--- About this task ---
Only the records, exactly as written, belong in the answer; pictures do not.

····················

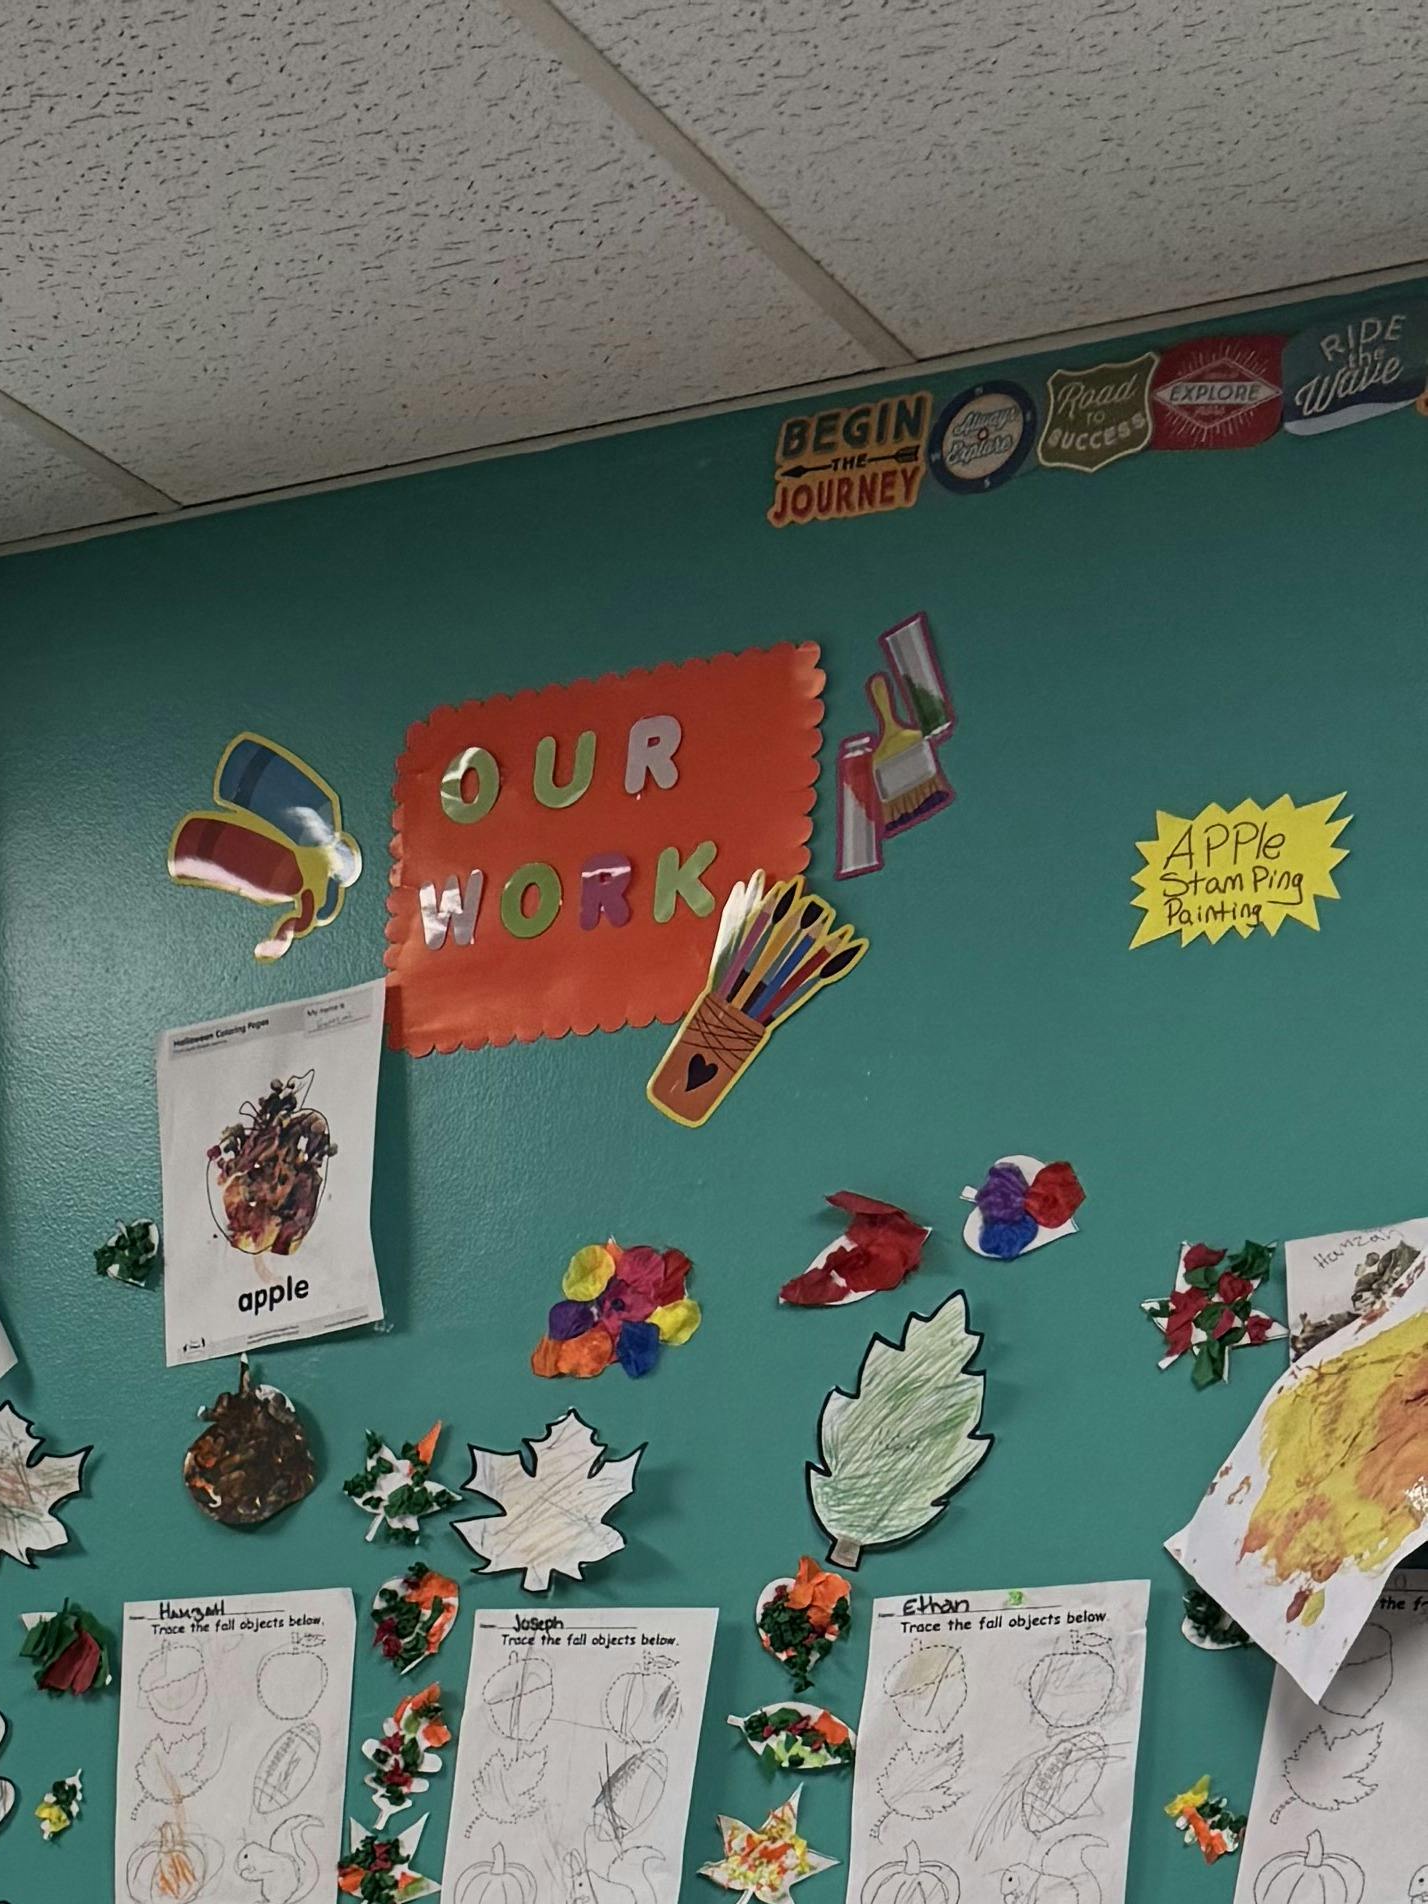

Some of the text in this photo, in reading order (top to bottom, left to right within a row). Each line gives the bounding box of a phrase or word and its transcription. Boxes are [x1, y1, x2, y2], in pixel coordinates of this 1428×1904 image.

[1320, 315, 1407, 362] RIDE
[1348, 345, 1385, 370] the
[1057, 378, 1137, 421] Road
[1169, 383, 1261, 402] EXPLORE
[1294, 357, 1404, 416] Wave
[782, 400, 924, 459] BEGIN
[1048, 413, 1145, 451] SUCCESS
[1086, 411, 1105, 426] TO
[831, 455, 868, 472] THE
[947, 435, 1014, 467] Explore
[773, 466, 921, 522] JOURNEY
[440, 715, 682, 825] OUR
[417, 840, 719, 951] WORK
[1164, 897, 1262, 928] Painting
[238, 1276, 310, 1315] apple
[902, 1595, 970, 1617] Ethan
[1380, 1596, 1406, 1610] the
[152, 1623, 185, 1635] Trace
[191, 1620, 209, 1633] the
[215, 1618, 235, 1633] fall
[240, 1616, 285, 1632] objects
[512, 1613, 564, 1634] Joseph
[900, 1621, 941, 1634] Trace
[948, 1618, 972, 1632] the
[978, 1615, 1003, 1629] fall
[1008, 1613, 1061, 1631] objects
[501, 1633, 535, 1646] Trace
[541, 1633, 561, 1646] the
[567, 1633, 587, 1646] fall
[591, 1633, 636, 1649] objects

····················

--- Response to this exercise ---
Some of the text in this photo, in reading order (top to bottom, left to right within a row). Each line gives the bounding box of a phrase or word and its transcription. Boxes are [x1, y1, x2, y2], in pixel coordinates of this 1428×1904 image.

[1320, 315, 1407, 362] RIDE
[1348, 345, 1385, 370] the
[1057, 378, 1137, 421] Road
[1169, 383, 1261, 402] EXPLORE
[1294, 357, 1404, 416] Wave
[782, 400, 924, 459] BEGIN
[1048, 413, 1145, 451] SUCCESS
[1086, 411, 1105, 426] TO
[831, 455, 868, 472] THE
[947, 435, 1014, 467] Explore
[773, 466, 921, 522] JOURNEY
[440, 715, 682, 825] OUR
[417, 840, 719, 951] WORK
[1164, 897, 1262, 928] Painting
[238, 1276, 310, 1315] apple
[902, 1595, 970, 1617] Ethan
[1380, 1596, 1406, 1610] the
[152, 1623, 185, 1635] Trace
[191, 1620, 209, 1633] the
[215, 1618, 235, 1633] fall
[240, 1616, 285, 1632] objects
[512, 1613, 564, 1634] Joseph
[900, 1621, 941, 1634] Trace
[948, 1618, 972, 1632] the
[978, 1615, 1003, 1629] fall
[1008, 1613, 1061, 1631] objects
[501, 1633, 535, 1646] Trace
[541, 1633, 561, 1646] the
[567, 1633, 587, 1646] fall
[591, 1633, 636, 1649] objects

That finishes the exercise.